Machine‑Readable HTML Technologies in Context
Different technologies support this model in different ways.
Microformats
Microformats embed meaning using existing HTML elements and class names.
Their strengths are simplicity and longevity:
- No parallel data structures
- No special parsers required
- No loss of human readability
If the machine disappears, the document remains correct.
This makes Microformats ideal for:
- Human‑centric documents
- Long‑lived content
- Systems that value resilience
RDFa
RDFa extends this idea by allowing richer expression of relationships.
Crucially, it still:
- Annotates existing content
- Avoids data duplication
- Keeps the document authoritative
Edits to content are edits to data — a powerful alignment that reduces drift over time.
JSON‑LD
JSON‑LD serves a different purpose.
It exists primarily for automated consumers that:
- Do not want to parse HTML
- Prefer fast, predictable extraction
- Operate at web scale
JSON‑LD works best when treated as:
- An optimisation layer
- A reflection of existing truth
- A convenience for external systems
Problems arise only when JSON‑LD becomes the *primary* source of meaning rather than a projection of it.
Microdata
Microdata introduced attribute‑based semantics alongside HTML5.
In practice, it:
- Adds verbosity without clarity
- Introduces new concepts without solving new problems
- Competes with simpler, more mature approaches
It is supported, but rarely preferred in real‑world systems.

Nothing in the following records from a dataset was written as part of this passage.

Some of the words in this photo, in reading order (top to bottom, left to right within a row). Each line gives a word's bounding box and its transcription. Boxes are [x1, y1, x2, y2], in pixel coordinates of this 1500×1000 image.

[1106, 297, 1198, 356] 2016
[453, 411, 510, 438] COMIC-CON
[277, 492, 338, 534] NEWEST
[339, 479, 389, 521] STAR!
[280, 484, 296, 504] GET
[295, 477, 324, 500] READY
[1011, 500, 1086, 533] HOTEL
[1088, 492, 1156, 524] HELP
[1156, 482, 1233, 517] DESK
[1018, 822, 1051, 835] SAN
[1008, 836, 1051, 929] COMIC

Avoiding Parallel Realities
The most common architectural failure is semantic duplication.
Examples include:
- Content updated but metadata forgotten
- API fields drifting from UI labels
- SEO data diverging from visible truth
- Accessibility annotations bolted on late
The cure is not tooling — it is alignment.
When:
- HTML and API share identifiers
- Meaning is expressed once
- Representations are derived, not rewritten
…the system becomes calm and legible.
Progressive Enhancement as Architecture
This approach naturally supports progressive enhancement.
A document‑first system:
- Works without scripts
- Improves with them
- Never depends on them
An API‑first system:
- Scales cleanly
- Supports automation
- Remains renderer‑agnostic
Both are valid — and both can coexist — as long as they project the same underlying model.
Design Guidance
A pragmatic strategy looks like this:
- **Human‑first content** → Microformats or RDFa
- **Crawler‑first metadata** → JSON‑LD
- **Single source of truth** → Canonical identifiers and models
- **Long‑term systems** → Embedded meaning over external declarations
There is no universal winner — only informed trade‑offs.
Final Thought
The web does not suffer from a lack of standards. It suffers from a lack of honesty.
Systems last when:
- Meaning is not duplicated
- Data is not reinvented
- Documents say exactly what they mean
When the website and the API tell the same story, the web works as it always should have — as a shared space for humans and machines alike.